▸ YOUR GOAL: Repeat every entry word for word. Images do not belong in the copy.

▸ DATA TO EXAMINE:
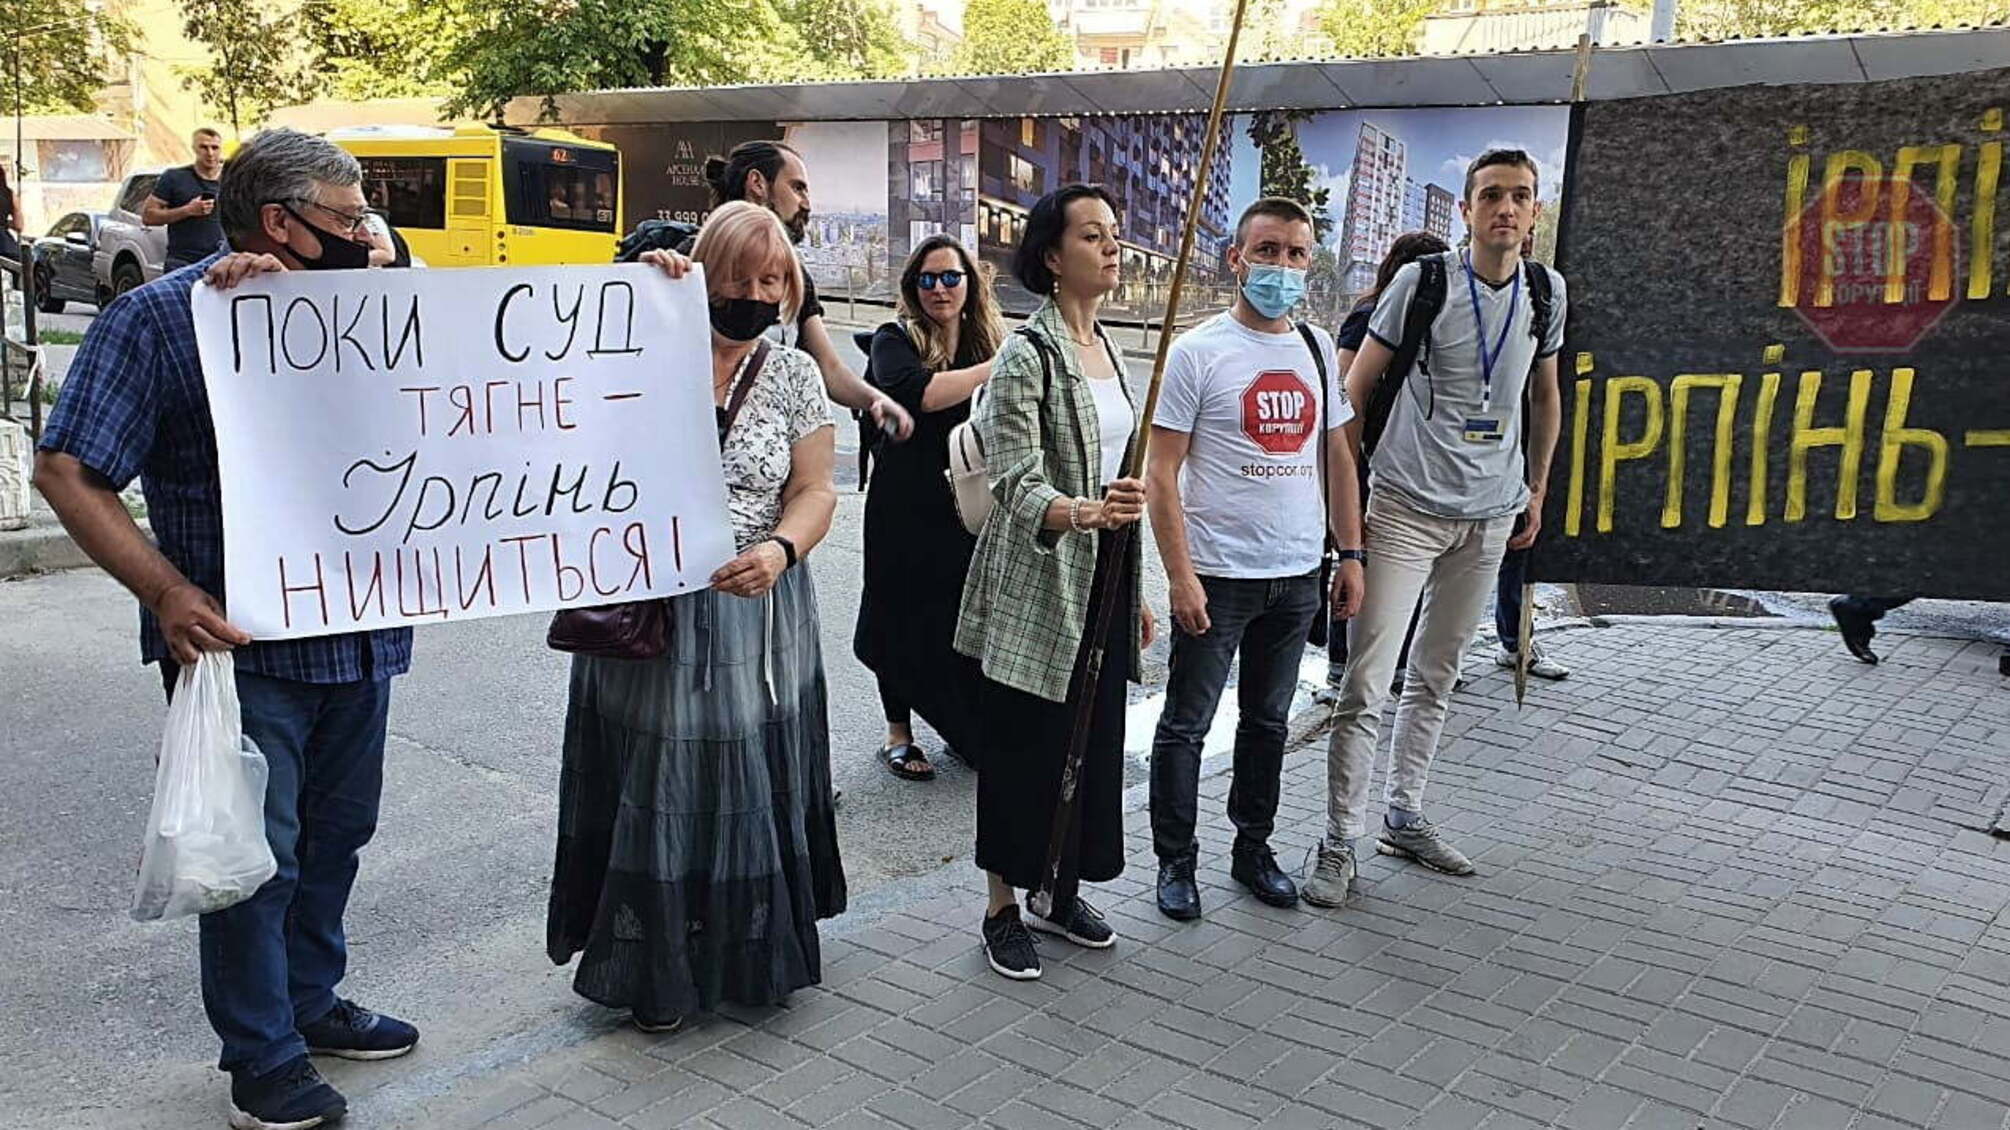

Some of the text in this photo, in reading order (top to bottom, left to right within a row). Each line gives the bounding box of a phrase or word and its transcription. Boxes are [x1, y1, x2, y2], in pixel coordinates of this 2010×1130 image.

[552, 149, 568, 163] 62
[231, 281, 643, 373] ПОКИ СУД
[400, 377, 576, 437] ТЯГНЕ
[1256, 391, 1304, 419] STOP
[334, 449, 638, 544] Ірпінь
[278, 515, 686, 628] НИЩИТЬСЯ!

▸ EXERCISE ANSWER:
Some of the text in this photo, in reading order (top to bottom, left to right within a row). Each line gives the bounding box of a phrase or word and its transcription. Boxes are [x1, y1, x2, y2], in pixel coordinates of this 2010×1130 image.

[552, 149, 568, 163] 62
[231, 281, 643, 373] ПОКИ СУД
[400, 377, 576, 437] ТЯГНЕ
[1256, 391, 1304, 419] STOP
[334, 449, 638, 544] Ірпінь
[278, 515, 686, 628] НИЩИТЬСЯ!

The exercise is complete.